Price sensitivity is the correlation of one security with the movement of another. For example, when the price of gasoline/oil increases by 5%, the electricity rates go up by 0.5%. This shows how one variable is dependent on the movement of the other. 1.0 would be perfectly correlated and -1.0 would be inversely related.

2006-07-26 13:00:52 · answer #1 · answered by J 4 · 2 0

Price sensitivity has to do with how sensitive a purchaser (customer) is to an increase or decrease in the current price. An example is gasoline in the US- experts speculated that as gas prices rose, consumption would decrease. As of now, this is not true. Consumption has not decreased, so customers are not at a point to change their driving habits to offset the additional costs of driving. People are only price sensitive when consumers' behaviors change.

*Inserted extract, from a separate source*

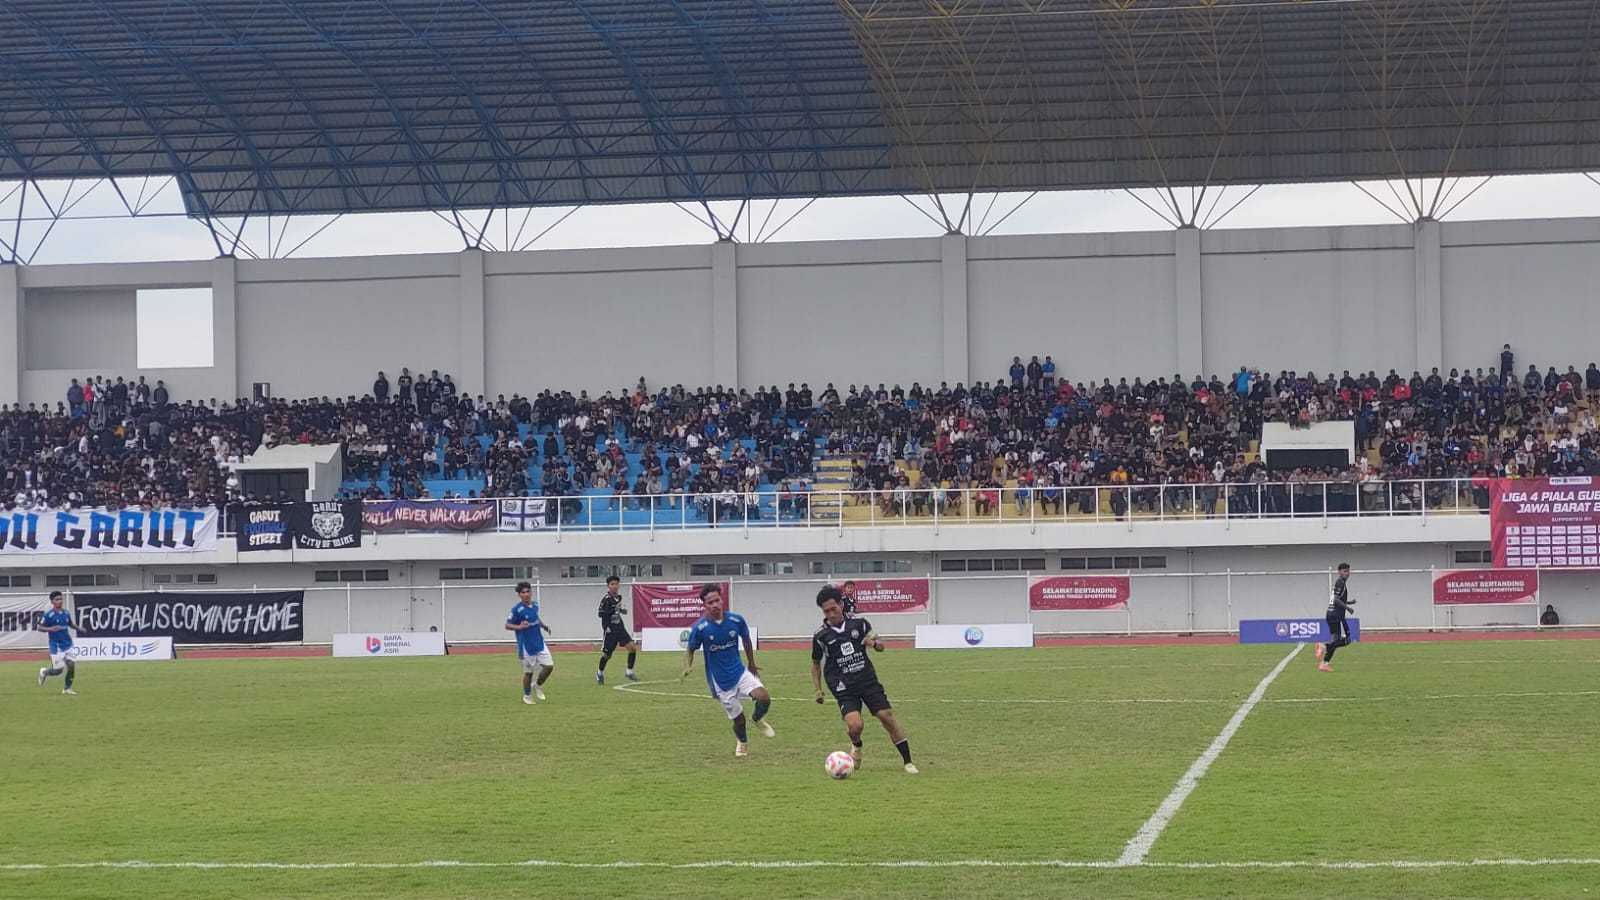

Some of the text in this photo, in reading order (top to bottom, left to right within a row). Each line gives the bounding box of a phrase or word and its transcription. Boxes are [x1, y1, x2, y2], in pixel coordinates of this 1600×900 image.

2006-07-26 19:55:46 · answer #2 · answered by susie 4 · 0 0

This is another interesting area of consumer behavior. How much are people willing to pay for a purchase? At what point will a rising price turn people away? Price sensitivity is the barometer of how much a customer will pay.

2006-07-27 03:54:08 · answer #3 · answered by catzpaw 6 · 0 0

When prices fluctuate rapidly due to market conditions.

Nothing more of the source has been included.